Brief Fact Summary. Petitioner brought a wrongful death claim on behalf of her dead husband. Previous case law had determined that maritime law does not afford a cause of action for wrongful death. The United States Supreme Court (Supreme Court) took the case to determine if the previous case law was still applicable.
Synopsis of Rule of Law. The Supreme Court overturns it’s previous holding in The Harrisburg and allows for a wrongful death action in maritime law.
These principles included a special solicitude for the welfare of those men who undertook to venture upon hazardous and unpredictable sea voyages.View Full Point of Law
Issue. Should the Supreme Court continue to apply the holding of The Harrisburg, that maritime law does not afford a cause of action for wrongful death?
Held. No. Judgment reversed and remanded.
* The holding of The Harrisburg has little justification except in primitive legal history. The historical reason for the rule was the felony-merger doctrine, where in England civil recovery was not allowed in felony cases because the tort and felony merged as an offense against the Crown. This rule never existed in America, but the American courts adopted the common law rule that wrongful death actions were not actionable.
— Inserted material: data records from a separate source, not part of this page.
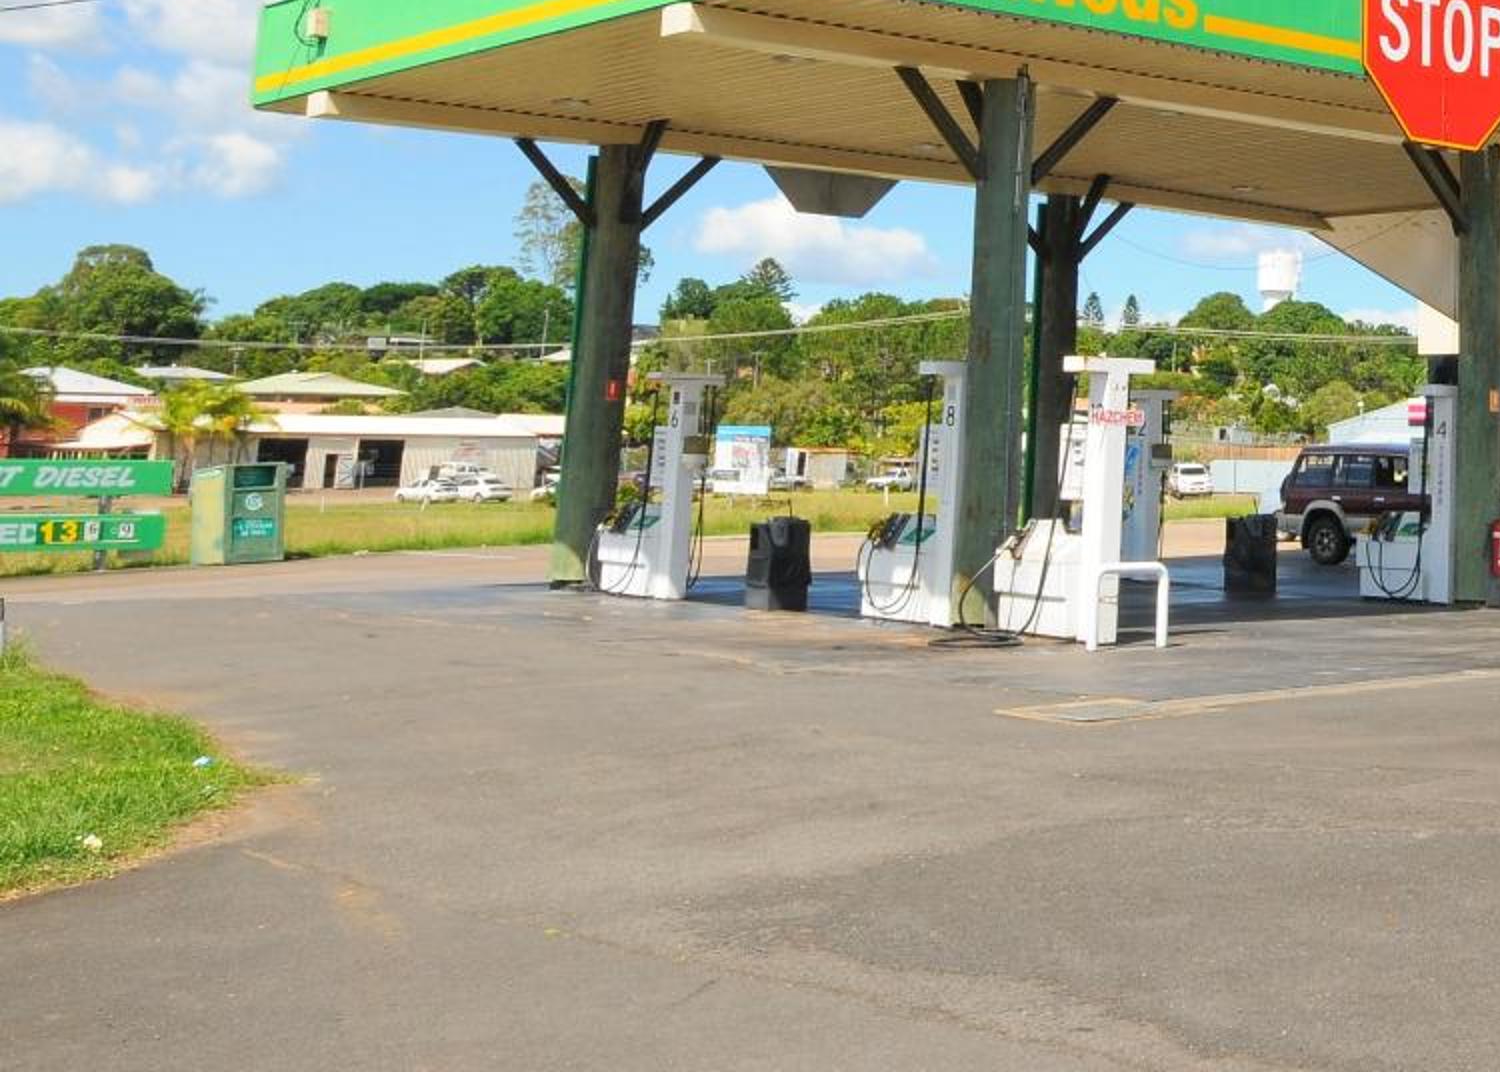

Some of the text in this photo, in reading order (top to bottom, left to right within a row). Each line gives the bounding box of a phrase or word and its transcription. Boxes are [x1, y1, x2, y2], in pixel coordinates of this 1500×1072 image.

[672, 409, 679, 428] 6
[946, 405, 955, 426] 8
[1090, 409, 1144, 424] HAZCHEM
[1436, 421, 1447, 440] 4
[33, 465, 137, 489] DIESEL
* Legislatures both here and in England began to show disapproval for the rule, with every State here eventually enacting wrongful-death statutes. These statutes make it clear that there is no public policy against allowing recovery for wrongful deaths. Based on these facts, this Court overrules the holding in The Harrisburg. The law applied in personal-injury cases will govern questions that arise in death cases. This Court will not determine whether the beneficiaries are entitled to recover at this time.
Discussion. At common law, a personal cause of action in tort did not survive the death of its possessor. However, this applied only to a victim’s own personal claims and did not include a dependant’s injuries that he suffered from the victim’s death.